Lucide — T.1 Initiation
de Soraya Doye
Éditions Alter Real

Prodige

Sans être prodigieux, Prodige de Ginn Hall est un roman steampunk — mais pas trop ! – qui mérite qu’on s’y arrête pour les amateurs du genre. L’histoire me direz vous ? Les démons, anciens anges perdus, se sont convertis sous les coups de l’Inquisition et se sont installés à la surface (ou juste en dessous) d’un Brighton éclairé à la bougie et aux lampes à gaz. Une jeune femme disparaît. Son frère, capitaine de l’Inquisition (à mi-chemin entre le prêtre défroqué et le détective juste, mais prêt à tout des séries TV américaines) demande l’aide d’un Prodigal, descendant de démon, drogué et rejeté par les deux populations, pour la retrouver. Contraints et forcés, les deux hommes vont se rapprocher, mener à bien deux enquêtes et crever l’abcès de corruption qui enserre les hautes sphères de la ville.

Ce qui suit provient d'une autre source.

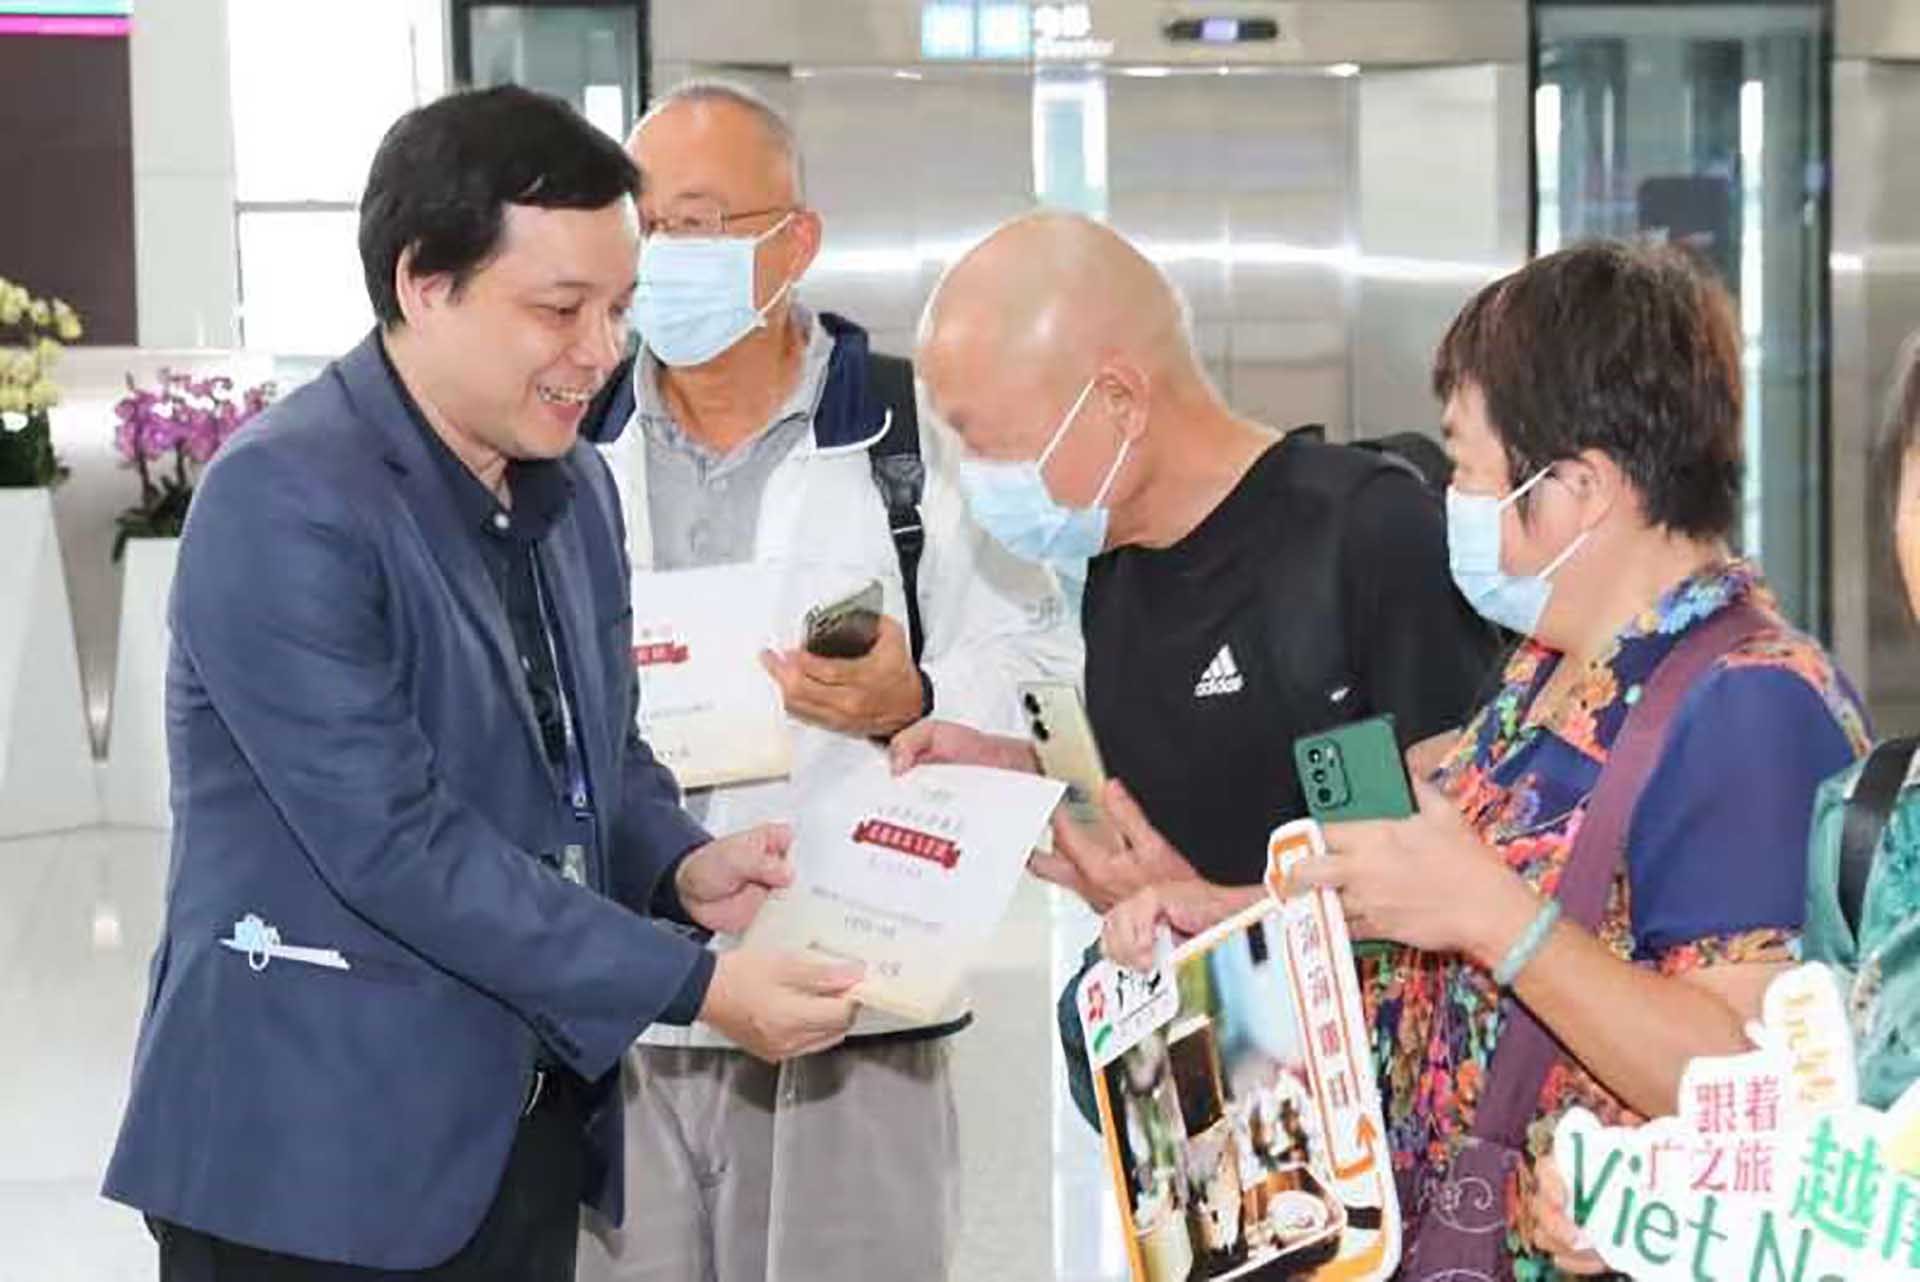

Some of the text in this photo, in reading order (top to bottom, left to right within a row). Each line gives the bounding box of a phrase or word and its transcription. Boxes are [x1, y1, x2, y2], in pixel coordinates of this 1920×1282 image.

[1193, 674, 1243, 697] adidas
[1646, 1139, 1774, 1193] 广之旅
[1570, 1132, 1844, 1282] Viet N

Originale, chaque enquête est relatée du point de vue de l’un des deux hommes : le Prodigal puis le Capitaine, sans pour autant que cette narration ne se croise. À la différence d’un univers steampunk classique, les technologies liées à la vapeur ou les miracles de la science ne sont que très peu présents dans ce livre. Il s’attache plus aux personnages, et aux relations entre les différentes castes de cette société, où la main mise d’une Église se fait sentir même sur les démons. En ce sens, j’ai trouvé une certaine ressemblance avec le Castlevania diffusé sur Netflix. En revanche, certains éléments du livre m’ont gênée. À chaque fois, la fin de l’enquête semble bâclée en quelques pages, et les différents happy ends de la fin tiennent plus d’une production Disney classique que du livre steampunk assez adulte qui l’a précédé. De plus, je regrette que les talents et faiblesses des Prodigals ne soient pas mieux utilisés par l’intrigue, hormis deux trois clichés vampiriques.